Not long ago, businesses like Pastosa, which sells anything and everything Italian from ravioli to mozzarella, catered to local Italians in Bensonhurst. But as the demographics of the neighborhood have changed over the years, Pastosa’s owners have had to find new sources of income as well as appealing to a new wave of diverse Bensonhurst residents. According to data from the American Community Survey from 2012, Asians accounted for 38 percent of the population in Bensonhurst – now the largest ethnic block in the neighborhood, supplanting Italian immigrants.
This flagship store produces all the dough necessary to make the 25 to 30 different ravioli varieties and the 50 different kinds of pasta the company cooks up. Once the dough has been fully mixed, a worker will cut a handful of it and put it into the mouth of Italian-made machines bearing the names Toresani and Italpast. The machine also has another mouth where the cheese filling necessary for ravioli is added. The ricotta cheese filling is one of the few ingredients that aren’t made on site. But it still goes through a rigorous process to meet Pastosa’s requirements.
“It’s made by an expert, old world cheese making company that manufactures this product by our specifications on a daily basis,” Ajello said. He didn’t want to share the name of the cheese manufacturer.
Once the cheese and dough go into two separate mouths, the machine intertwines the two and out comes a tray of ravioli. Once it has been dried enough, workers then put it into boxes.
A box of Ravioli’s final destination is a wild card. It can be kept in the flagship store, shipped off to one of the eight other locations or delivered to an independent buyer like DiCarlo, a food service distributor based in eastern Long Island. There was also a shipment being prepared that day for a restaurant in Hudson, Florida. That’s just one of several states the company regularly ships to.
Pastosa is quietly helping lead a borough trend that sees manufacturing revived, and turns the city’s largest borough into a global supplier of goods.
In a period where the rest of New York City – and much of the nation – has lost many manufacturing jobs, Brooklyn has actually added manufacturing jobs. According to the Center for an Urban Future, a NYC- based think-tank, manufacturing jobs in Brooklyn between 2010-2012 are up 0.2 percent. Which led them to ask, “Is Brooklyn in a new age of entrepreneurial manufacturing?” These numbers are often credited to Brooklyn’s Navy Yard, where entrepreneurs, according to the New York Times, are doing things like making “coffee tables with magnetized cubes, an artist was boxing up woodcuts that, when held to the ear, sounded like a forest.”
But in Southern Brooklyn Ajello is keeping it simple: make delicious food, and building on its artisanal legacy.
Ajello’s grandfather first opened Pastosa in 1967 on East 53rd Street and Avenue N. They moved to the 7425 New Utrecht Avenue location soon after, in 1971. Since then, the business has grown to include nine locations and an online shop where businesses across the state can order Pastosa’s products.

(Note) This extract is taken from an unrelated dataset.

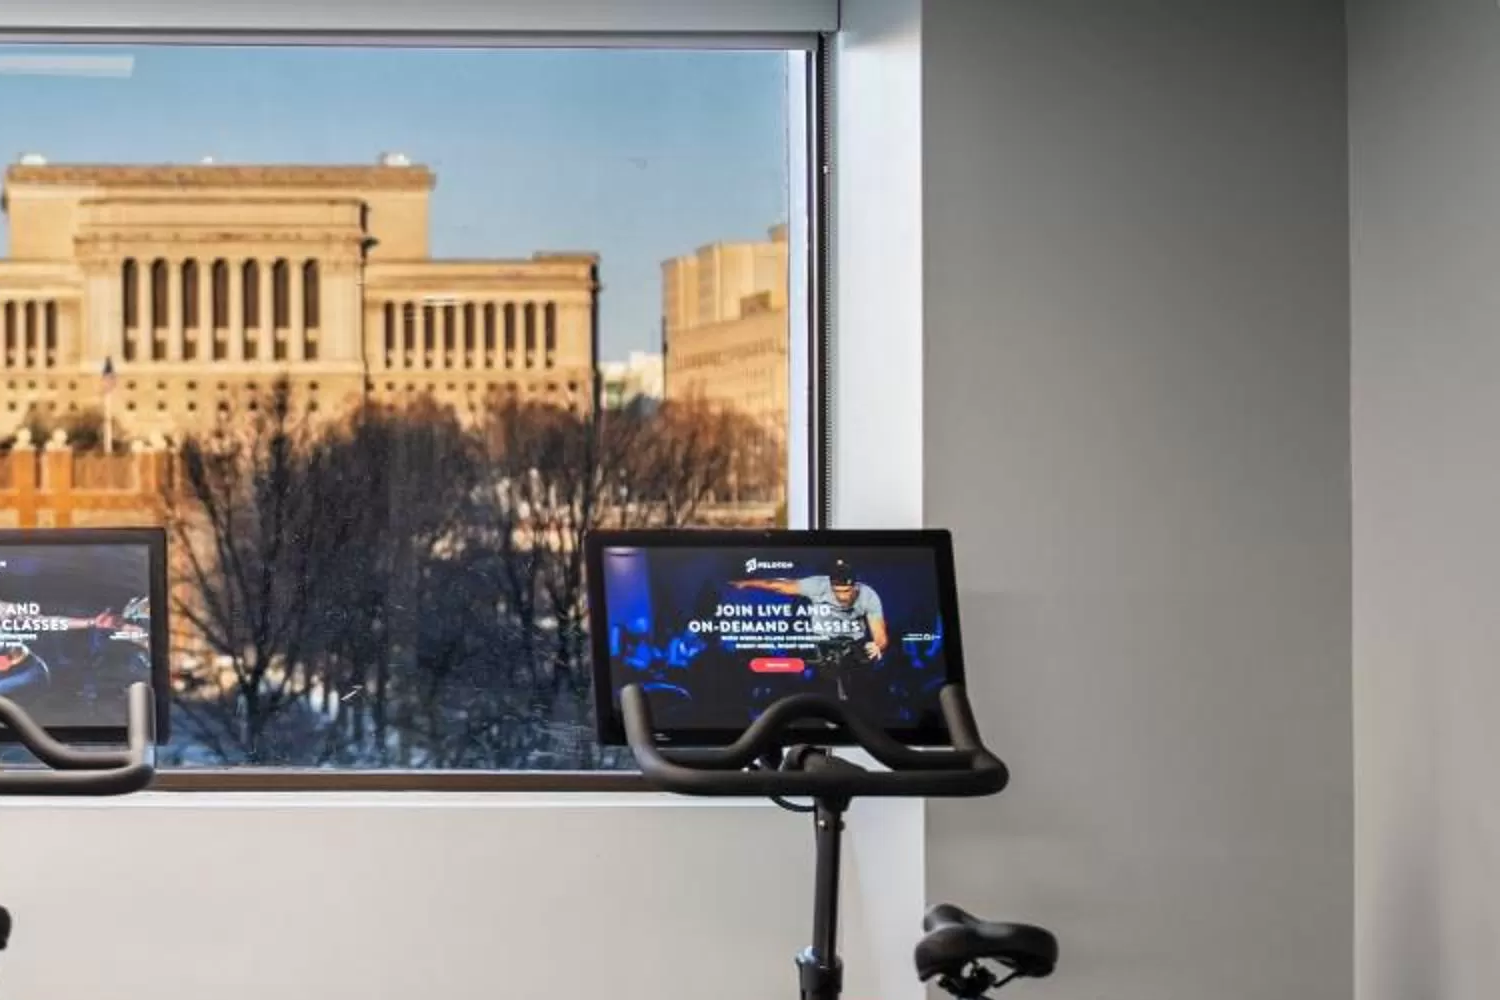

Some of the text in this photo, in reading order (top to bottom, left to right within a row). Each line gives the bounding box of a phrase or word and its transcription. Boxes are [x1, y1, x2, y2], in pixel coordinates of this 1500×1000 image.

From the front of the store, the place looks deceptively small. But Ajello allowed Bensonhurst Bean to take a look in the back, revealing a labyrinth of pasta machines with more than 30 workers producing enough Italian food – mainly pasta – to feed a small Italian army. The effect is something like an old world version of Willy Wonka’s Chocolate Factory.
“We’ve got a little manufacturing center in the back and then the retail store in the front,” Ajello said.
But while it may now be an industrial hub, it’s also very much still a neighborhood store.
The day’s responsibilities kept Ajello constantly active, running to the back to monitor a shipment preparation and then scurrying back to answer a phone call. But throughout it all he would stop every few minutes to go to the front, where the tempo slows down and customers stroll through the aisles, looking for ingredients. There, Ajello would chat with customers and serve them smoked mozzarella – which is also made on-site – or ask them about their day.
This personal touch is part of the reason Ajello chose to make Pastosa a licensed company and not just a franchise that hands out the name of their company to anyone with enough money.
“This [retail] is where we started so I don’t mind stopping everything to help people in the front,” Ajello said.